Otherwise the work offers few allusions to either wartime experience itself or to how Frank recalls it. It is rather an exploration of the physical and emotional abuse that he inflicts on his family as a result of his trauma. The focus is therefore quite different from works like Angus Cerini’s Debrief (1999) or the National Theatre of Scotland’s Black Watch (2006), both of which included accounts of battlefield experiences and interviews with veterans about how events were replayed in their memories. One of the most terrifying stories Cerini related was how one man awoke with his hands around his wife’s throat. Good Little Soldier is in this sense an extended dramatisation of such later, domestic events. But what is actually occurring in Frank’s mind, or indeed the others’ minds, is only darkly refracted — rather than explicated — through his abusive behaviour.

Good Little Soldier, Ochre Contemporary Dance Company & The Farm, photo Peter Tea

The strength of the piece lies in the way it segues between domestic situations which could plausibly be occurring in a ‘real’ world, into unambiguously hallucinatory scenes. Frank is silhouetted against the window as his ghostly, white-attired dead comrades climb down the walls and suspend his squirming body in the air (crawling down walls has been a choreographic trademark of The Farm since Lawn, 2004; watch trailer here). In another striking sequence, Frank, spotlit from above in the darkness, pushes violently against Trish, before she is replaced by each of the ghosts, and then Josh, in a circling wrestling competition that cannot be resolved — the characters endlessly swapping places and matching each other. Choreographically, the piece is dominated by awkward, violent grappling and pushing: a messy rolling and bumping of bodies which form clumsy, writhing piles or temporarily balanced, off-centre structures, before tumbling down. As with Lawn and other works from The Farm, dancers hang off each other from unusual points, such as the head and neck. Faces seem more sites to push fingers into, or to wrap palms across, rather than sites of expressivity.

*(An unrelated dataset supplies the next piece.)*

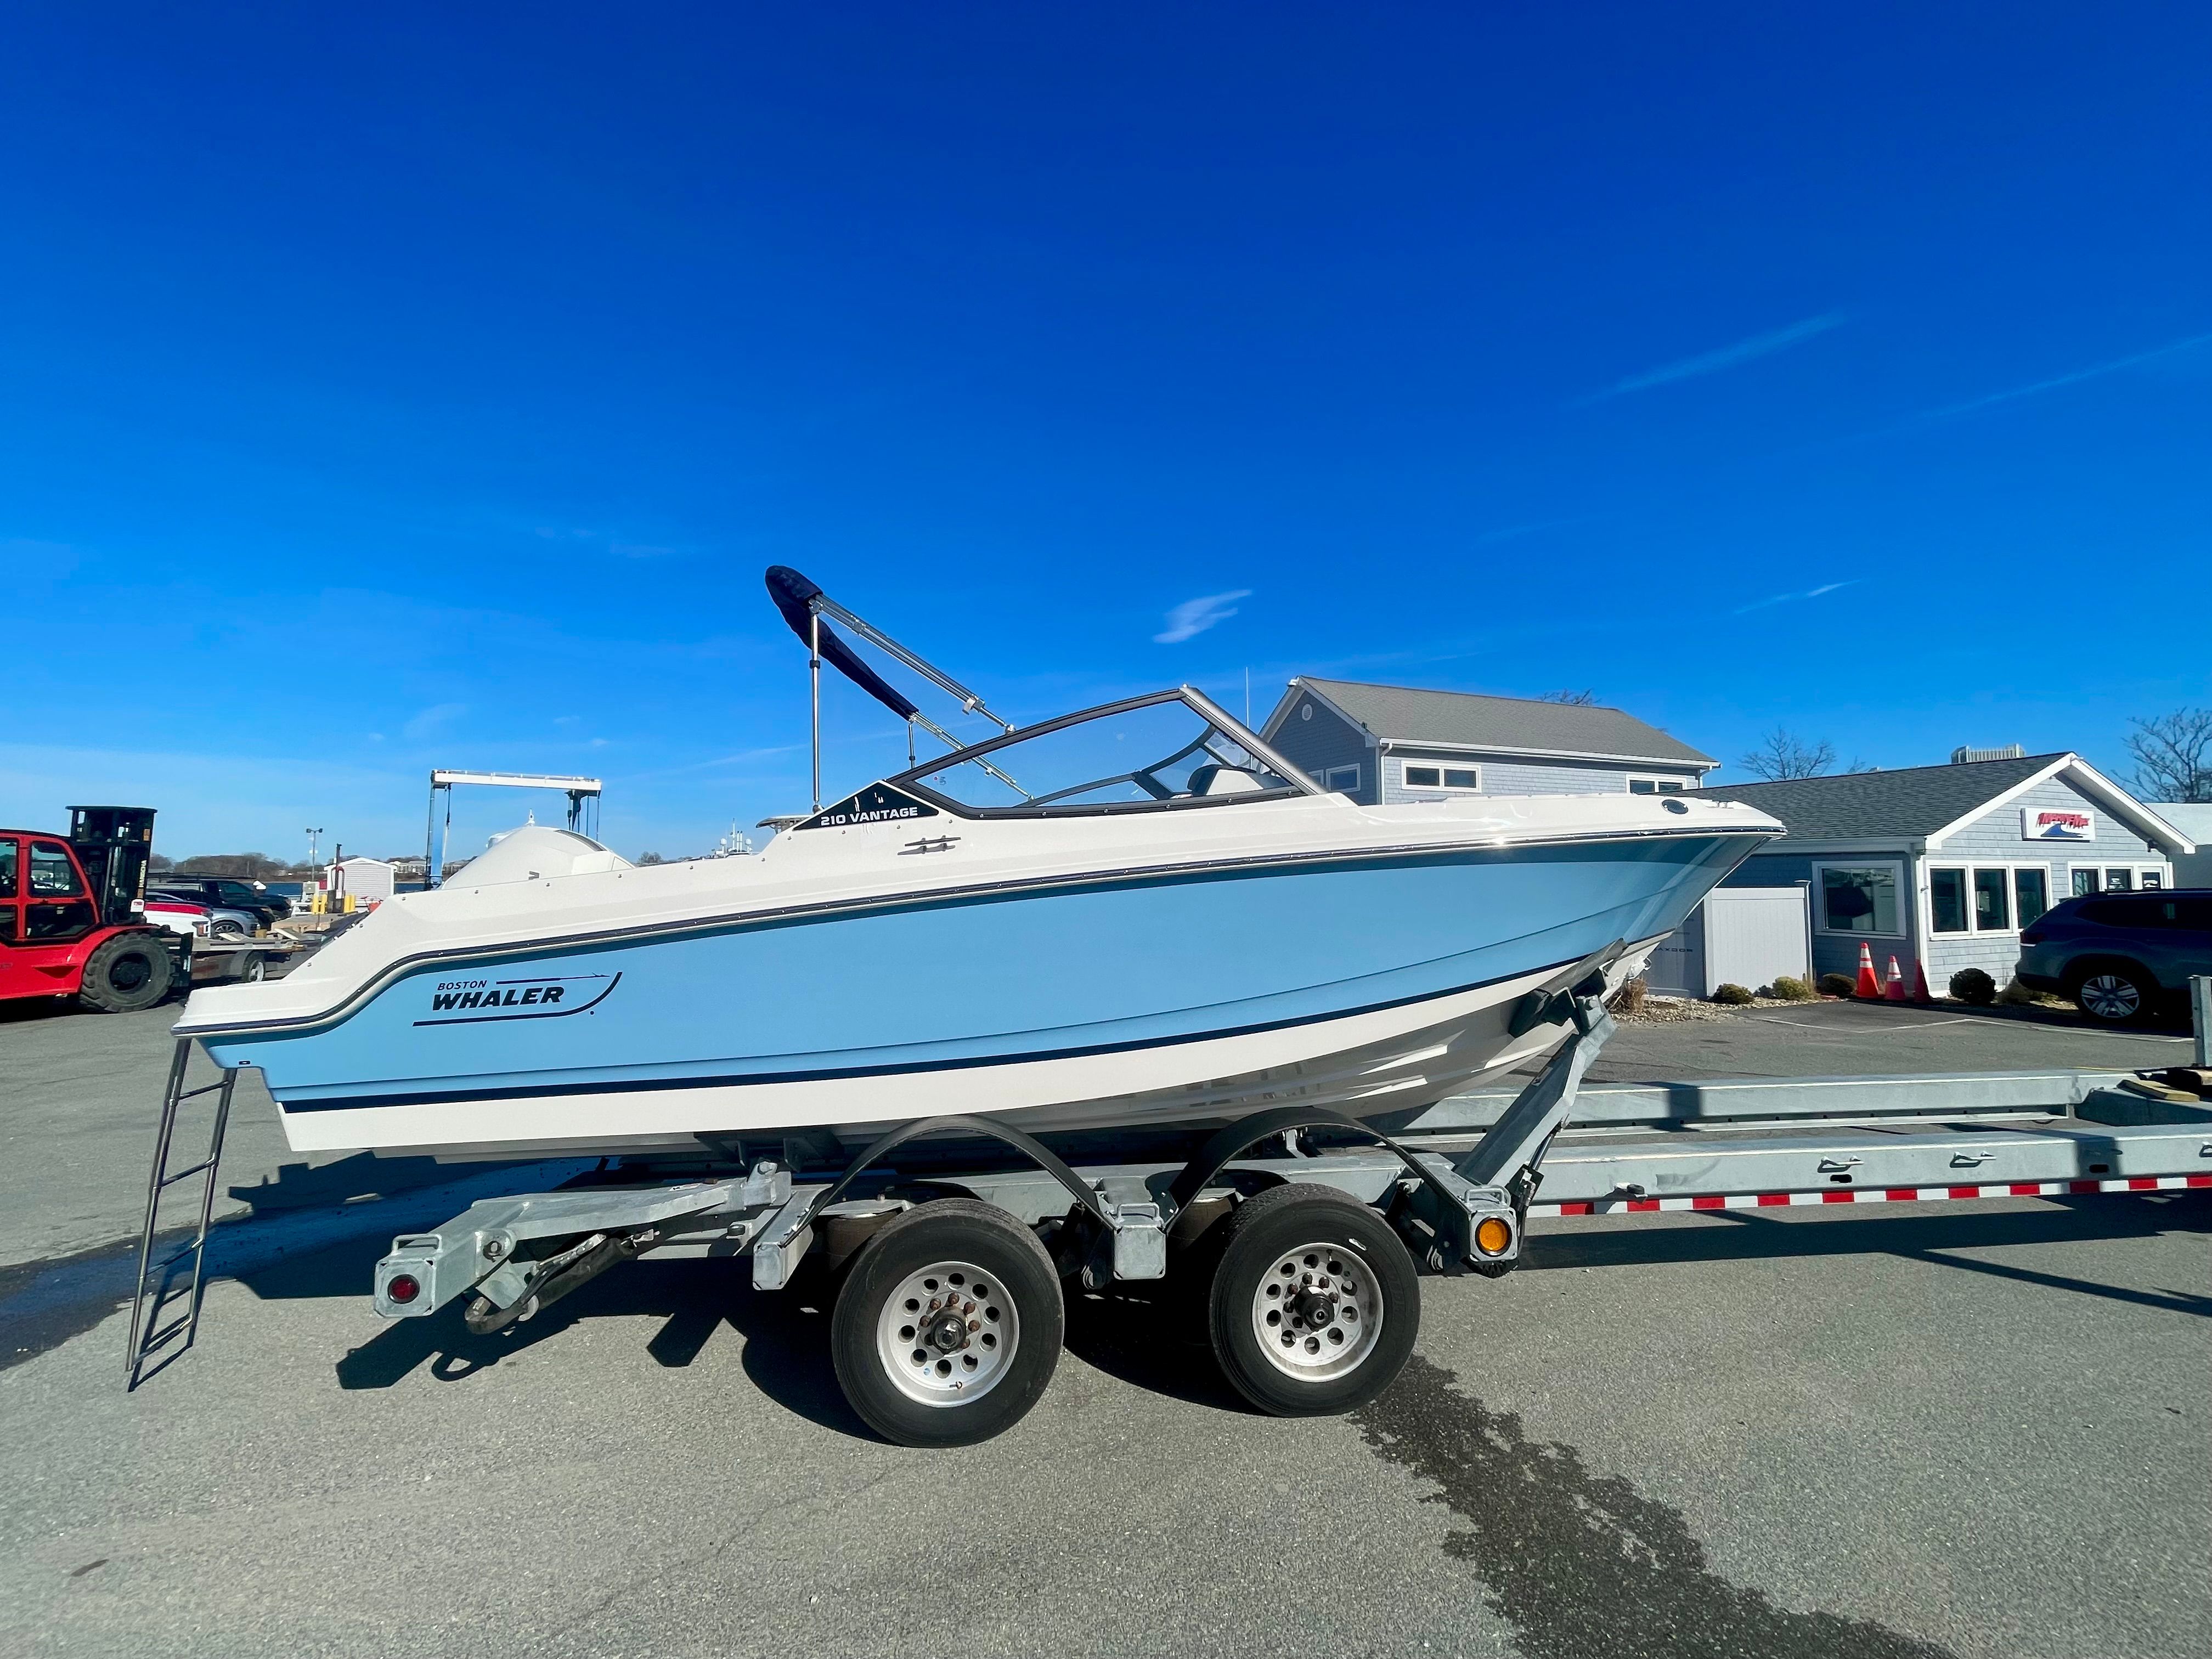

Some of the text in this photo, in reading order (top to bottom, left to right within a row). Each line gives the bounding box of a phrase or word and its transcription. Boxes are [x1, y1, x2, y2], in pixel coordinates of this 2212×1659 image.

Good Little Soldier is episodic with each semi-pedestrian set of gestures, or slapping and physical configurations, caught in repetitive cycles. This has a nasty, imprisoned feel to it, but the production is otherwise somewhat flat emotionally. Frank finally raises his hand to strike Josh, and at one point he dons Trish’s dress before slamming himself repeatedly against the wall. These two acts of shocking violence against his loved ones, and, by implication, against himself (to hit Trish is also to hit himself), act as markers within the protagonist’s breakdown. But otherwise the transition from opening to conclusion is horizontal and open-ended. Each scenario is established before being repeated with minor variations, ending with an exhausted collapse, or a character’s departure. Dramatic development within scenes is rare, and their arrangement largely discontinuous. Therefore the affective content depends heavily on the superb music of Dale Couper and Matthew de la Hunty, together with Laurie Sinagra’s sound design — as is consistent with The Farm’s overall multimedia aesthetic.

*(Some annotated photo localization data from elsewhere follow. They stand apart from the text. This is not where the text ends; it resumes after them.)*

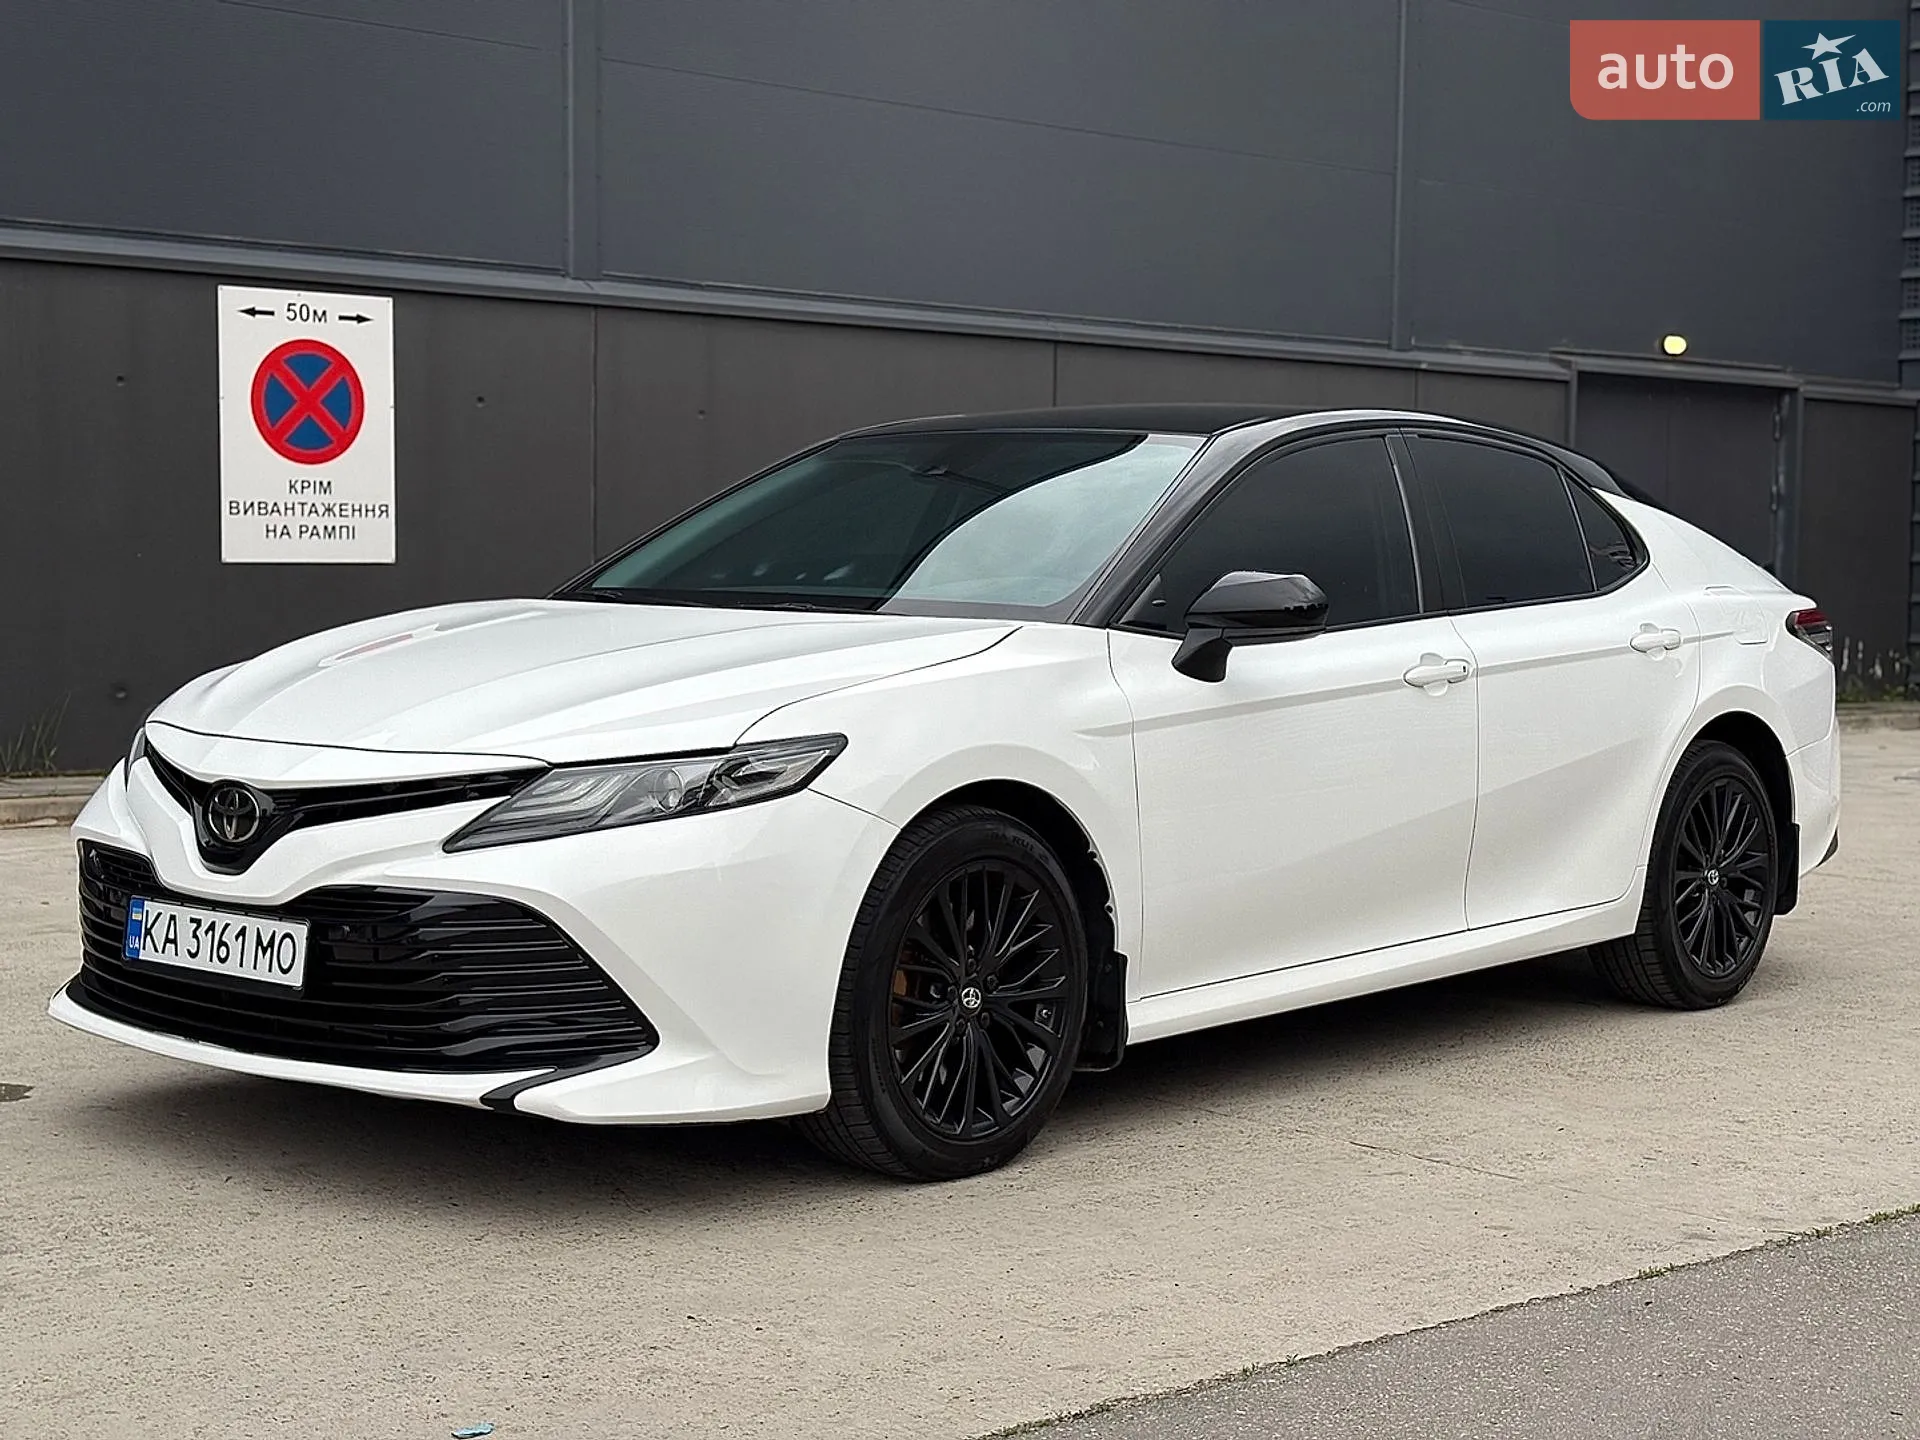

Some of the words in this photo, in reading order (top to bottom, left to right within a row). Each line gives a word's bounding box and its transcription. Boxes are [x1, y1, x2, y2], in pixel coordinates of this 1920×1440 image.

[288, 479, 333, 495] КРІМ
[228, 500, 390, 519] ВИВАНТАЖЕННЯ
[265, 524, 292, 539] НА
[298, 525, 356, 541] РАМПІ
[129, 935, 140, 949] UA
[142, 909, 179, 957] KA
[186, 916, 248, 968] 3161
[252, 926, 297, 975] MO

Good Little Soldier, Ochre Contemporary Dance Company & The Farm, photo Peter Tea

Speakers are secreted beneath the seating banks such that leviathanic bass rumbles grind throughout the venue, engulfing audience and performer alike. This sense of the corrugated iron shed which the family inhabits as being something we too are trapped inside, is accentuated by regular entrances and exits through the auditorium, or a moment where a drunken Frank thumps under the seating, asking Trish to let him into the house. Couper and de la Hunty’s immersive score runs from low frequency noise music (signifying the war and moments where Frank slips into trauma), through to pulsing synthesisers recalling 1970s kraut-rock, distorted blues/country-and-western guitar solos, as well as manic junk percussion akin to early Hunters and Collectors (which featured Greg Perano on broken water heaters). The overall effect is like a more than usually theatrical gig from The Birthday Party.

The overall dramaturgy of Good Little Soldier feels at best loose. The expressivity of the work echoes instead the slightly rough aesthetic of the outback-style design, post-punk music and deliberately fumbling choreography. It functions more like a series of related installations. This is arguably the most ‘German’ aspect of the show (referred to by Mark Howett in a RealTime interview), placing it firmly within Hans Thies Lehman’s category of postdramatic theatre. Good Little Soldier is best seen as a striking collection of thematically related set-pieces, giving the performance an absorbing sense of danger and possibility.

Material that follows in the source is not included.